Friday, November 9
So, there was a lot of turmoil caused by naming my child. Josh and I had picked a name years ago- just after we got married- and it seemed fine until I was actually pregnant. Suddenly the name Noah annoyed me and I couldn't seem to get the itch out. So about the time we decided to change our OBGYN I decided we had to change the name. This caused a few issues since someone had already told Haydn (my 4 YO niece) that we would be having baby Noah. but we got that straightened out eventually.
So why Jonah?
Well, the most honest answer is that I like the sound of it. It's not a name I've heard a million times and it has a good story behind it. I guess that's the simple answer.

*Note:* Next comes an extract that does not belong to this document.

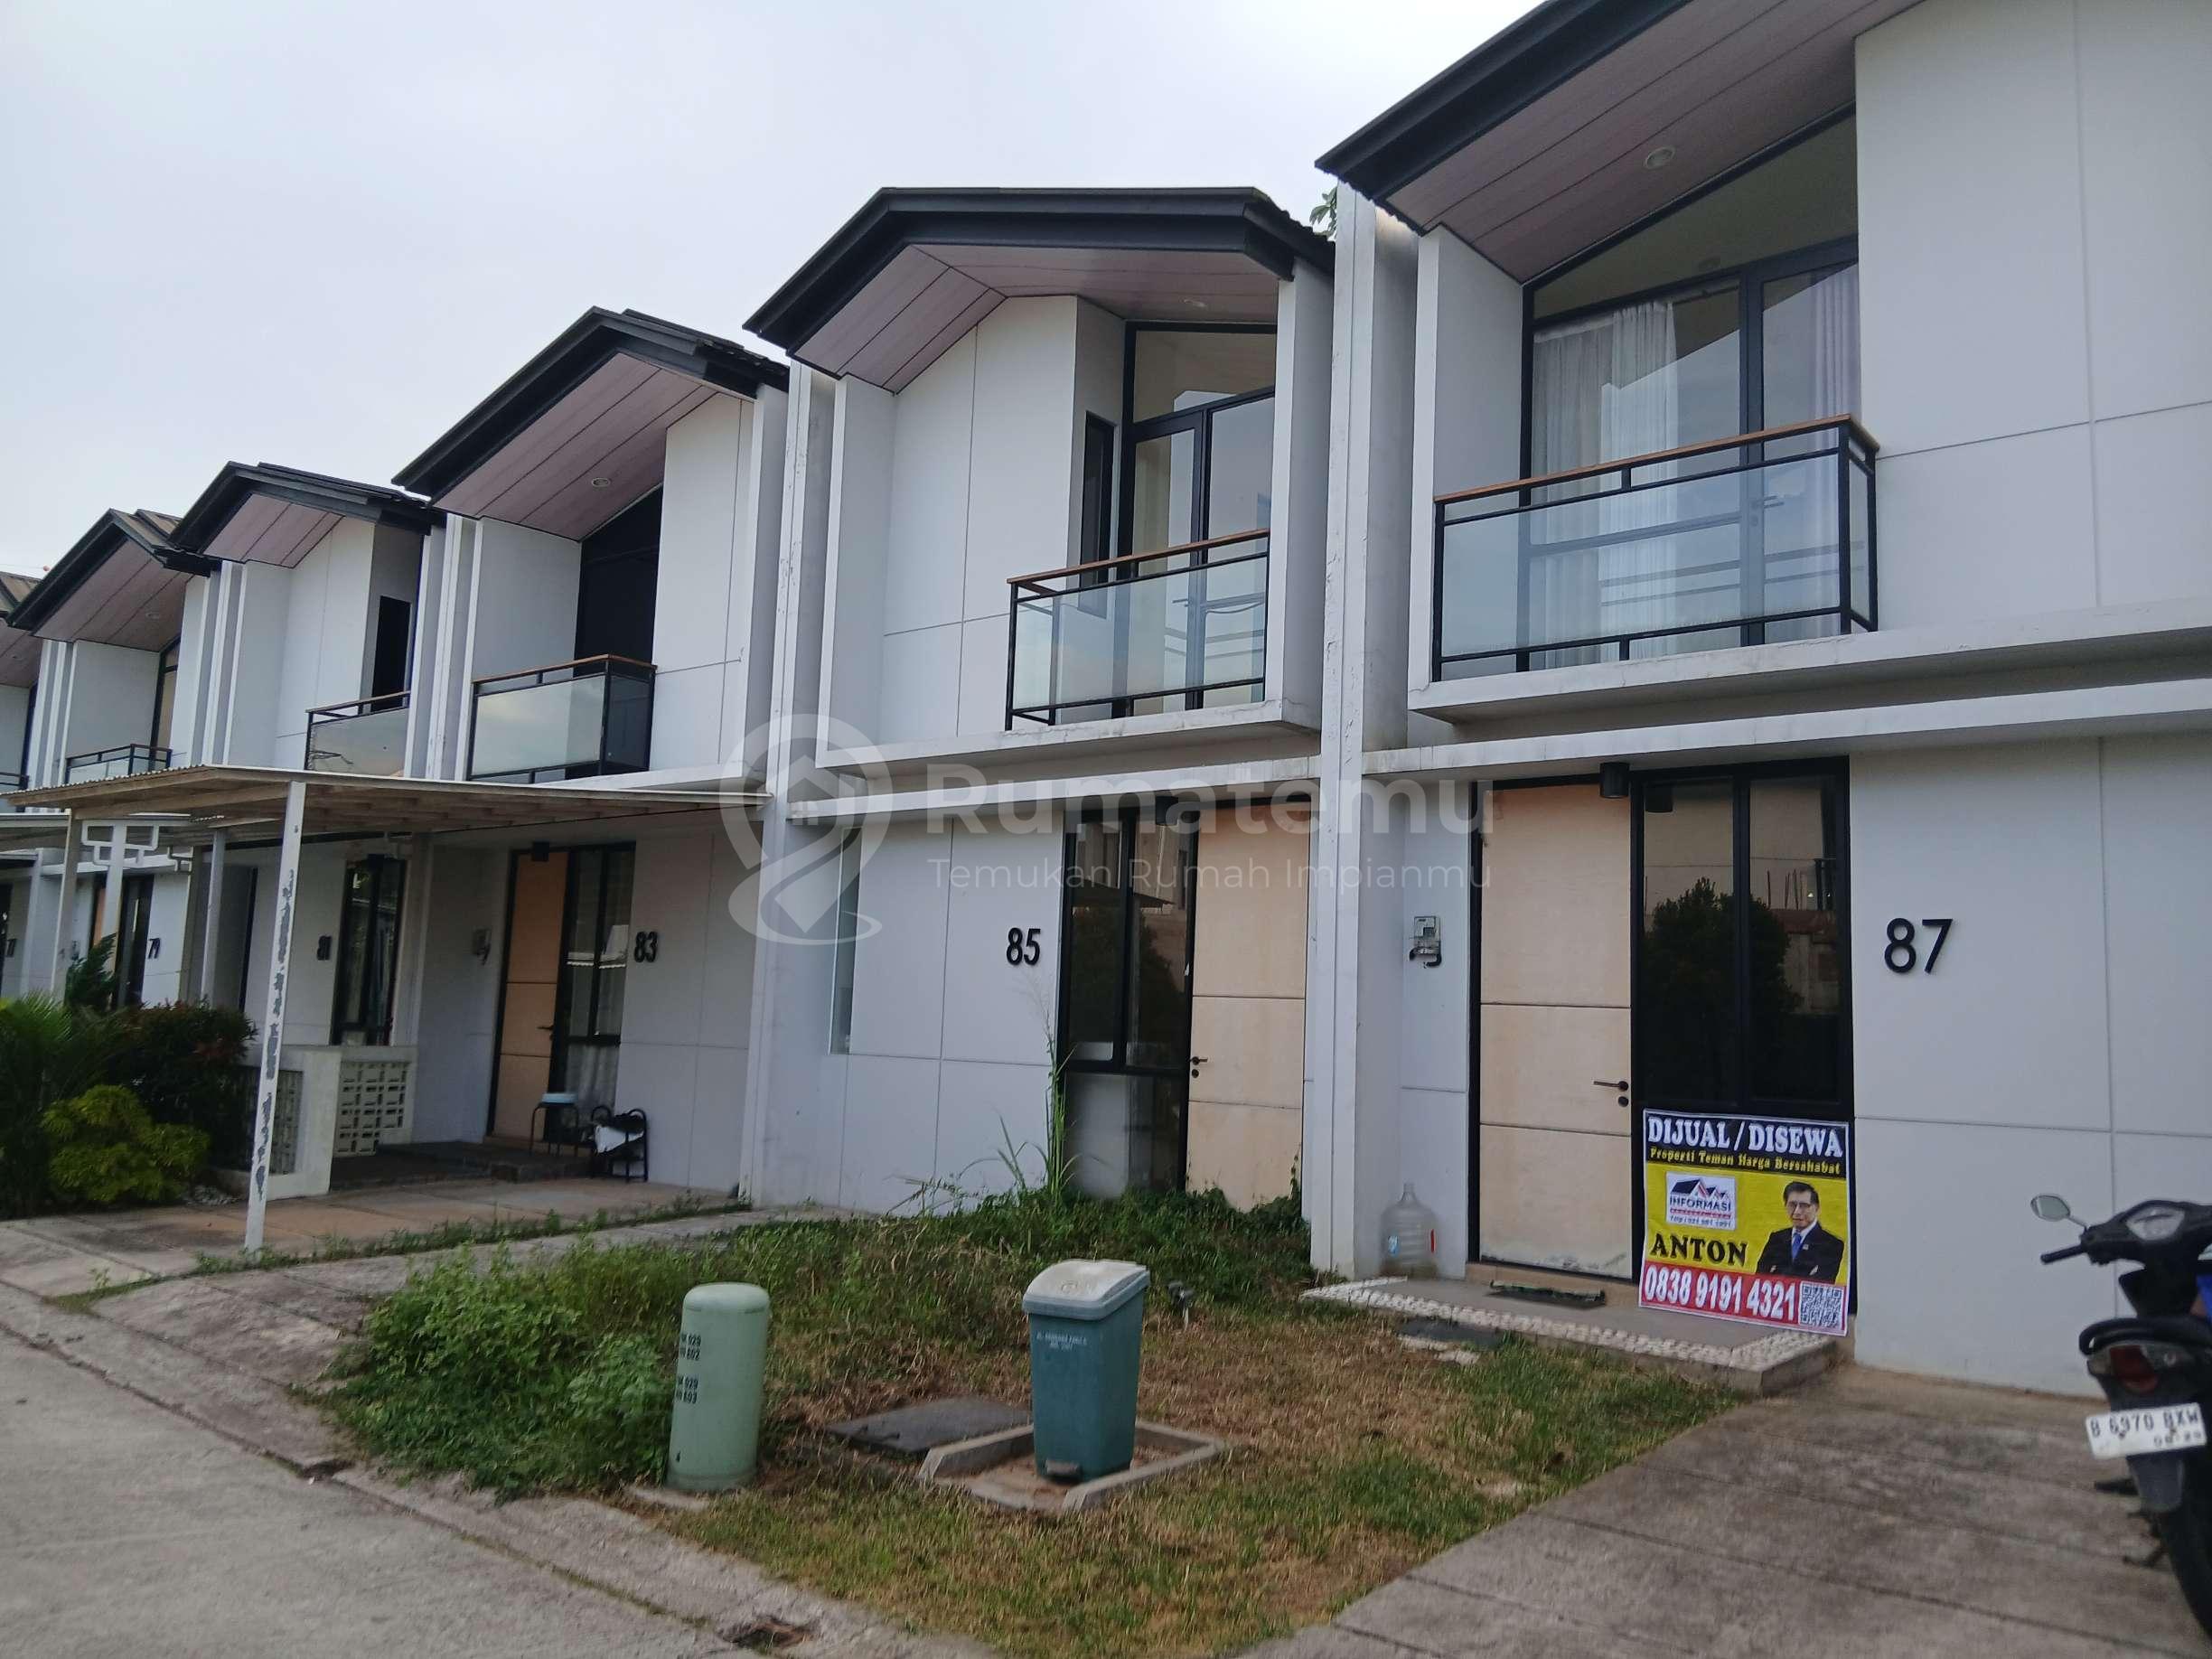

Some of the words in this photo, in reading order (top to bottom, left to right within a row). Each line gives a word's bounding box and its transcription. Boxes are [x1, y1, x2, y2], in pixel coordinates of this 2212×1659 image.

Also, it's got a great connection to a pivotal point in the Hero's Journey. There is a time that the hero finds himself in the belly of the whale (get the Jonah connection?) which is a time when the hero is secluded and must confront his subconscious self. It is this point in the journey that the hero is prepared for the important task ahead of him. It is a time of complete rebirth, both mentally and in some ways physically.
I guess my hope is that Jonah will be the kind of person who can do great things because he is prepared for them. A pretty big task for Josh and me.
Josh and I have decided to make changes in our lives- a shift in priorities- to make Jonah and whatever brothers or sisters he might have in the future the focus. I'll explain all that more later. In the mean time we just accept that we've been entrusted with the most perfect little gift. I'm not sure how you are supposed to look at a child that you've given birth to and want anything less than the most healthy, loving, choices for them. It makes me very glad that I made the birth choices that I made. He came into this world as naturally as possible and I am hoping that we can continue to give him all the good things that God put on this earth, and teach him to be the kind of person that God would have him to be.